Deforestation transfers carbon from biomass to the atmosphere.
We don't have the technology (right now) to transfer much carbon into minerals, but we can promote growth of more biomass. The transfer back into minerals is a long-term process where biomass gets stored in the earth's crust as oil or gas. Industrializing has undone tens of millions of years of carbon sequestration that we need to redo in under a century.

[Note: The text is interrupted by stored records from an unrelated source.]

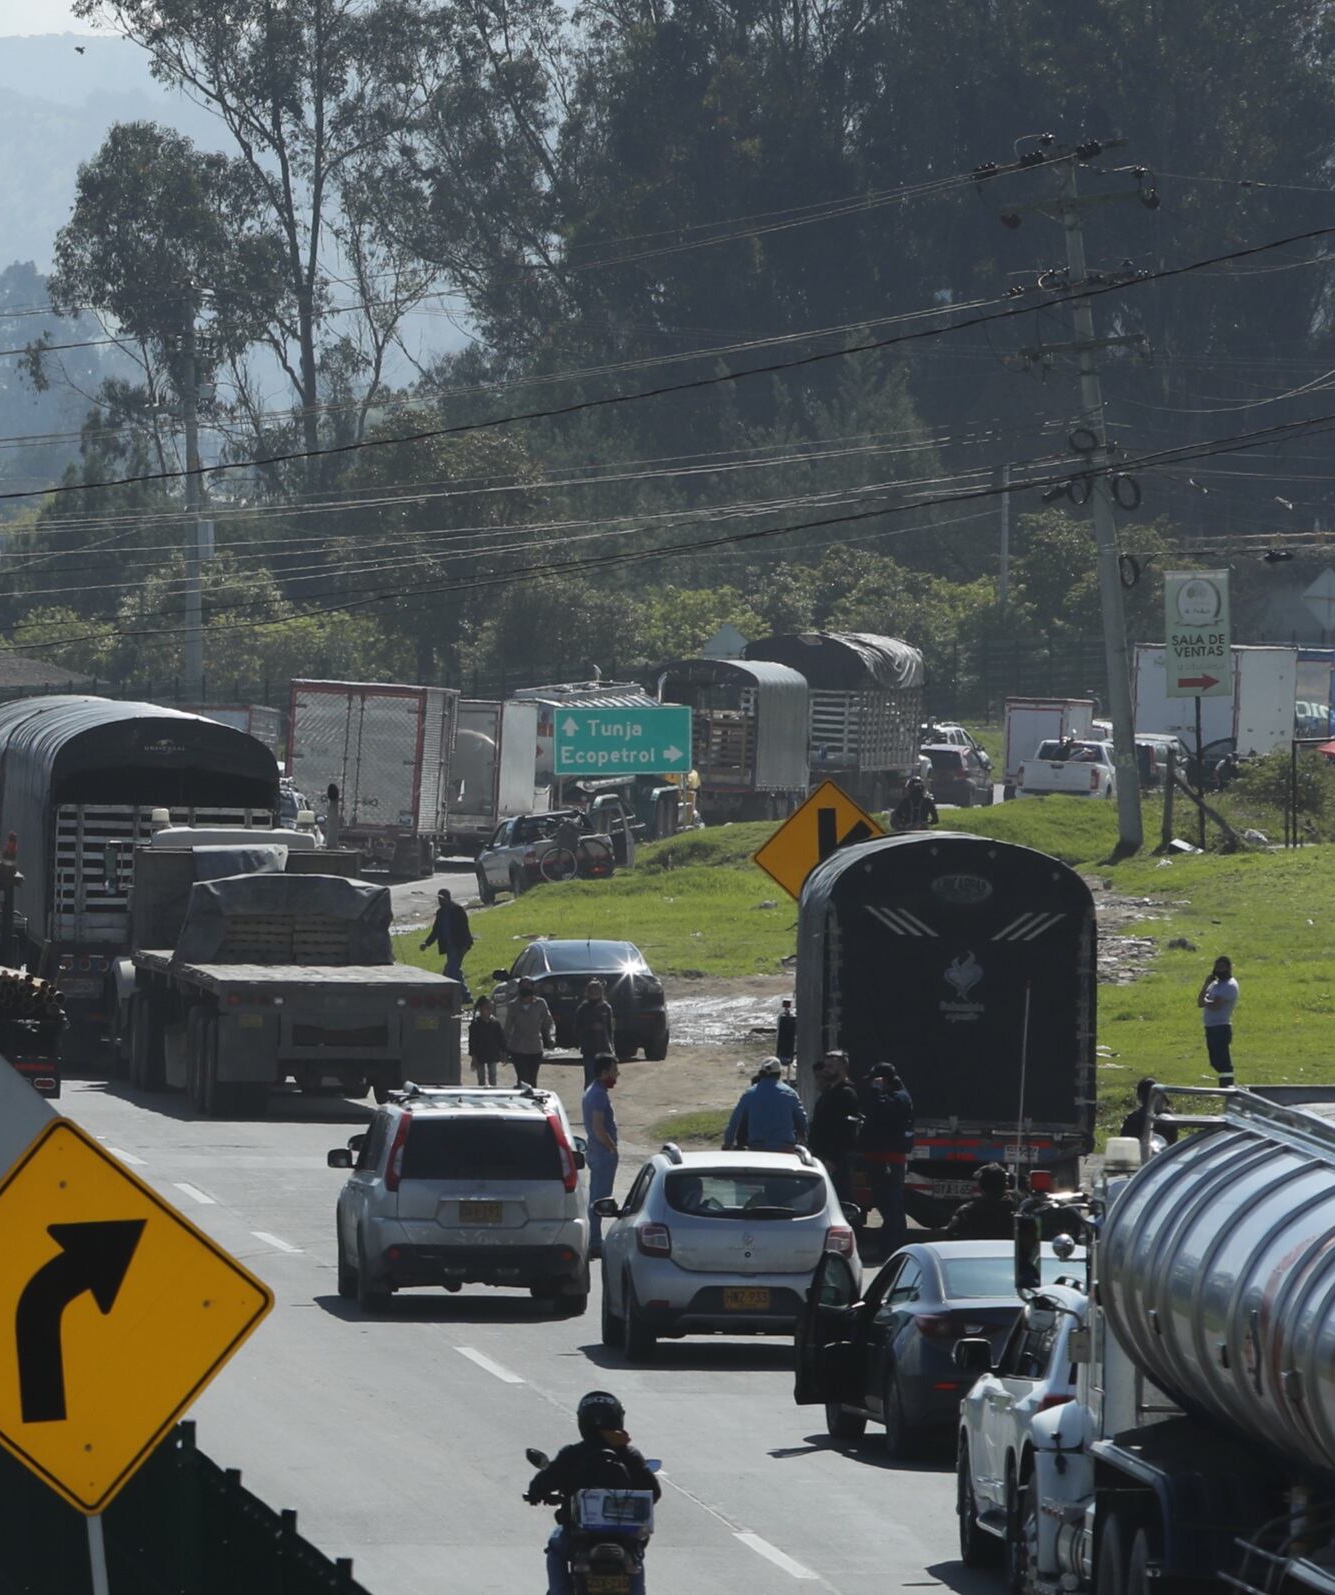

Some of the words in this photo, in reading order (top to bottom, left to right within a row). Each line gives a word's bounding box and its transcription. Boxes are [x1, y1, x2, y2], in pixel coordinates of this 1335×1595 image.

[1171, 634, 1205, 646] SALA
[1208, 633, 1226, 645] DE
[1173, 645, 1225, 658] VENTAS
[587, 719, 643, 741] Tunja
[560, 746, 655, 767] Ecopetrol
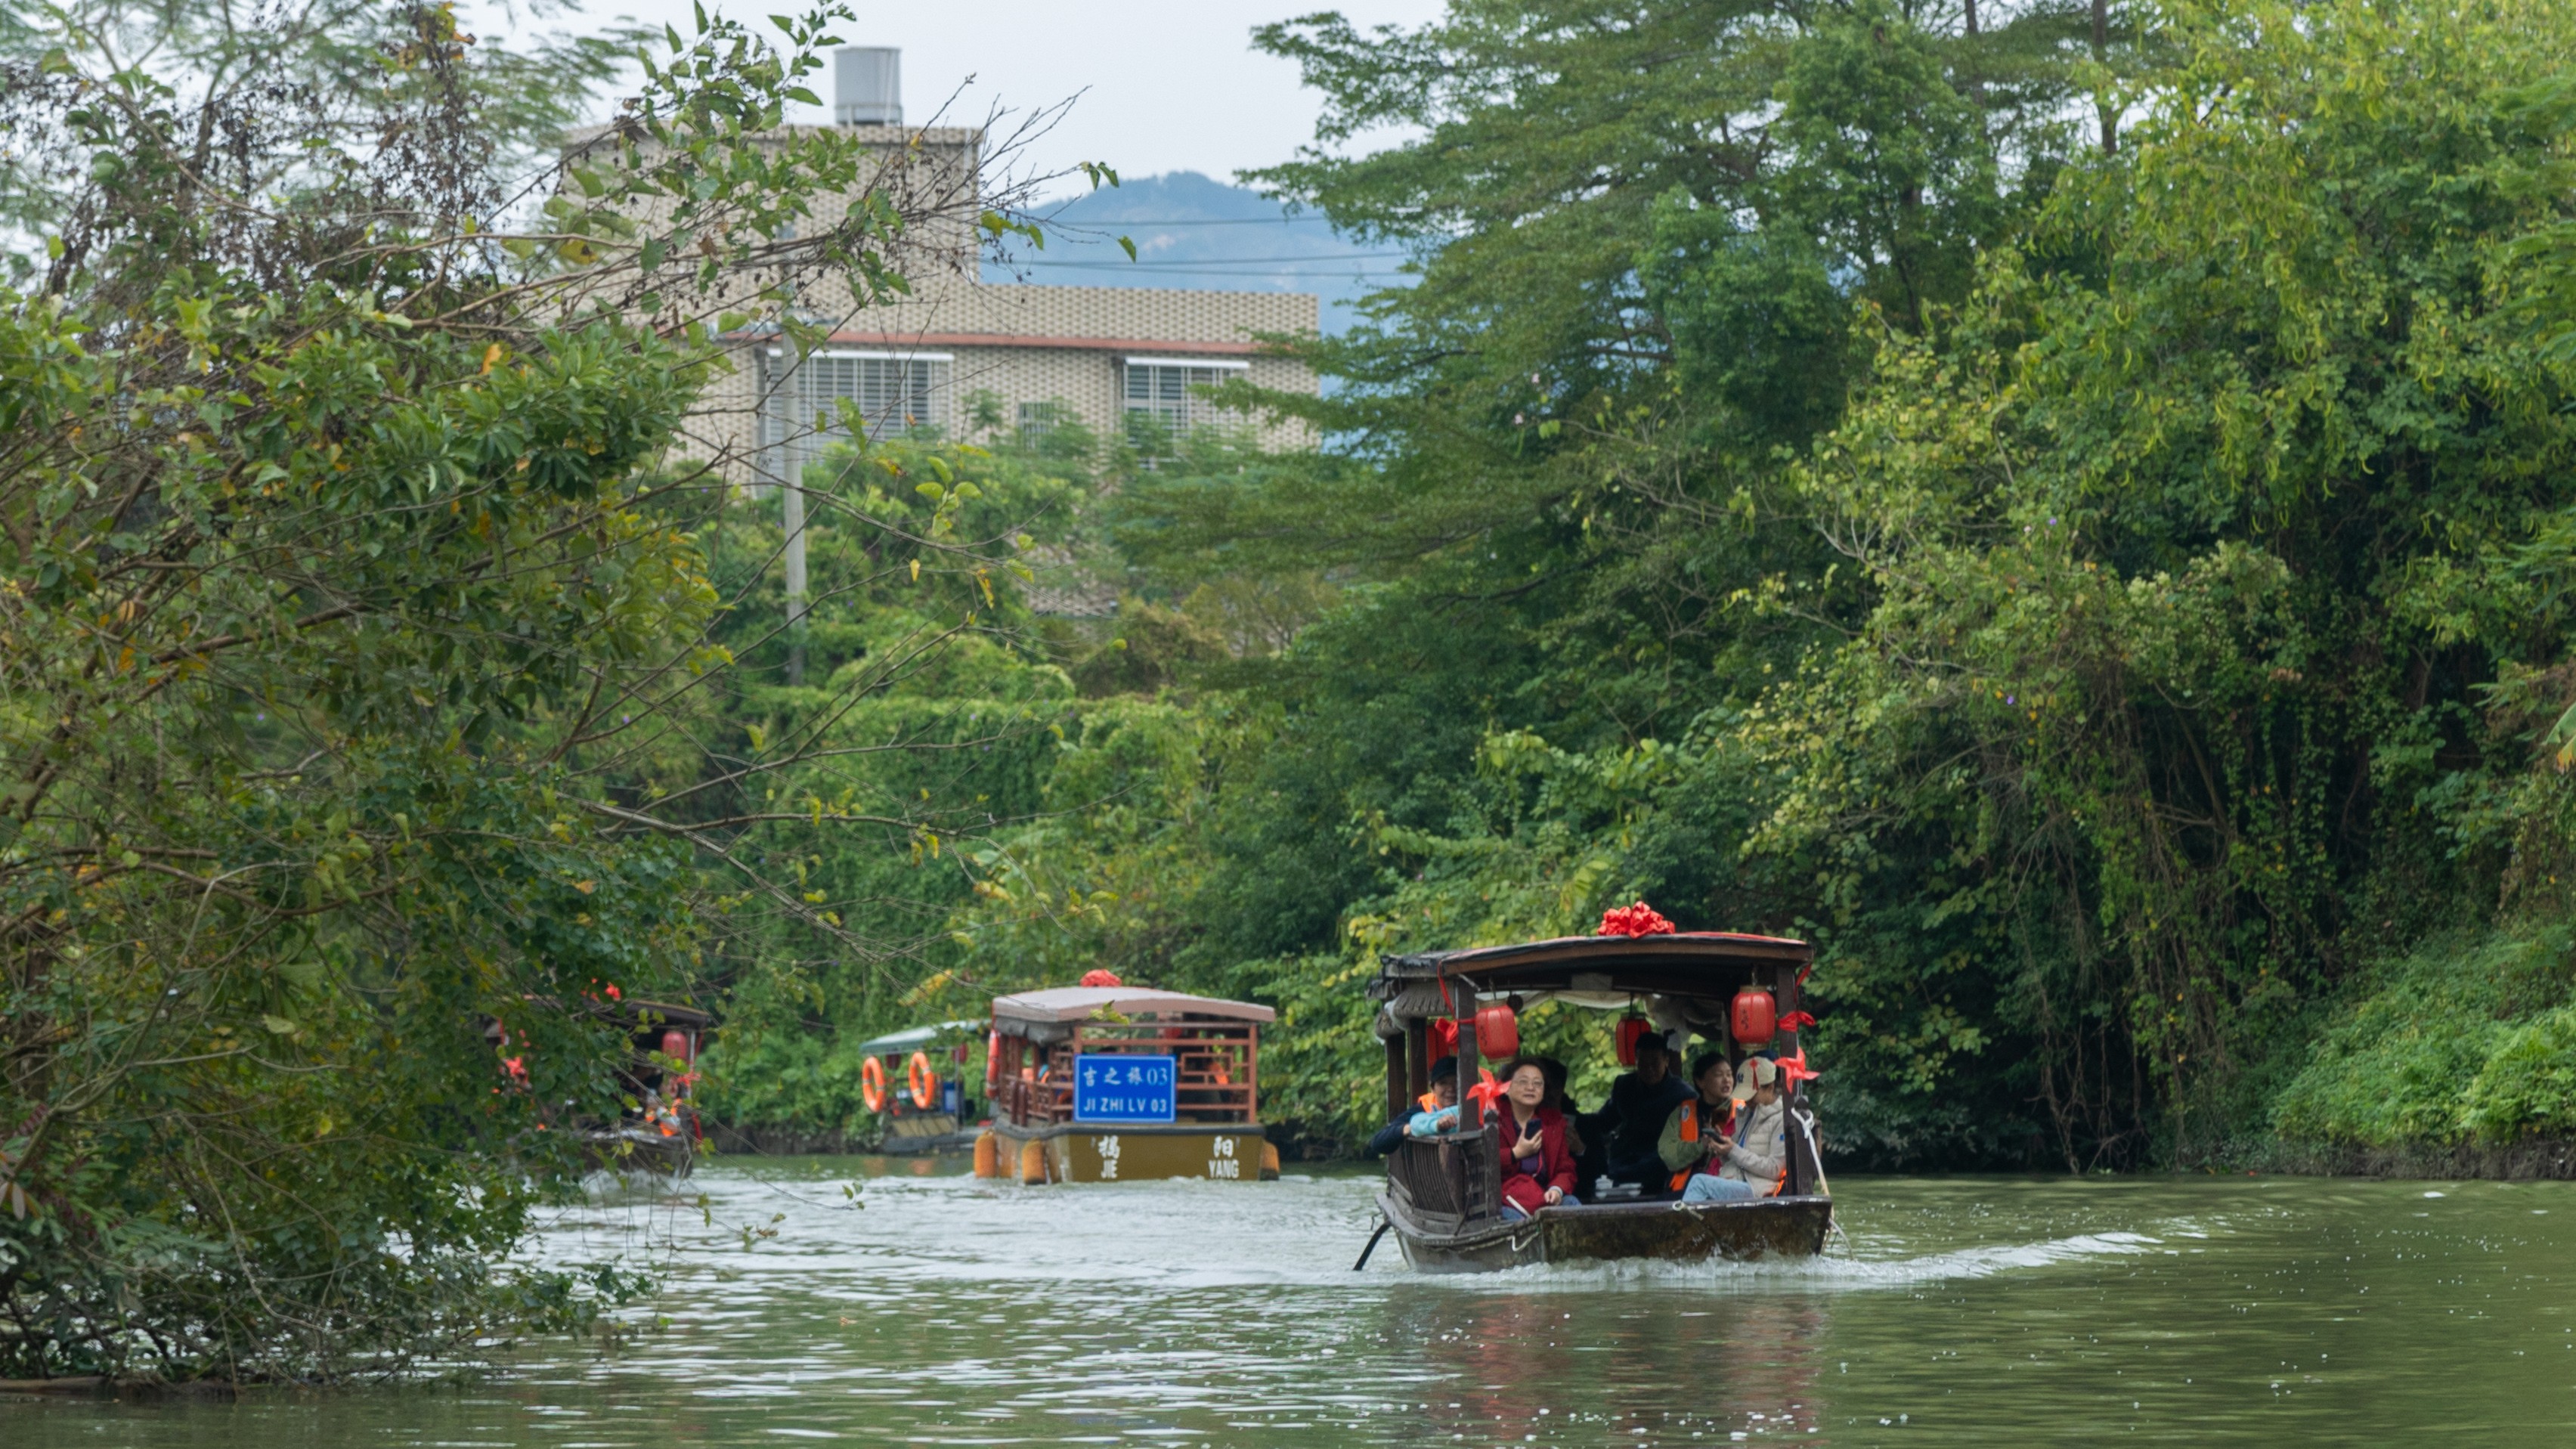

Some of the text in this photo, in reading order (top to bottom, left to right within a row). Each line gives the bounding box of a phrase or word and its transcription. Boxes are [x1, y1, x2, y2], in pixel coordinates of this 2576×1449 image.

We're probably fucked but the best thing is to do everything that we know increases biomass. And obviously the first thing to do when you're in a hole is stop digging.
One of the most effective things may be to reintroduce apex heterotrophs, as many of them have profound knock-on effects that encourage a wider variety of life and more biomass. Wolves in Yellowstone are probably the most dramatic example of this.
youtube.com/watch?v=ysa5OBhXz-Q

Wanting to preserve the climate is liberal and reactionary

"We" can do nothing.
Maybe if the corporations would finally stop spraying shit like glyphosat on our produce?
Every attempt to stop it was undermind by their stoogy politicians who often went against party discipline. Something that would've been terrible if a leftist did this, but the sins of right-wingers are always forgiven and forgotten. And the PR company takes care of the more stubborn cases.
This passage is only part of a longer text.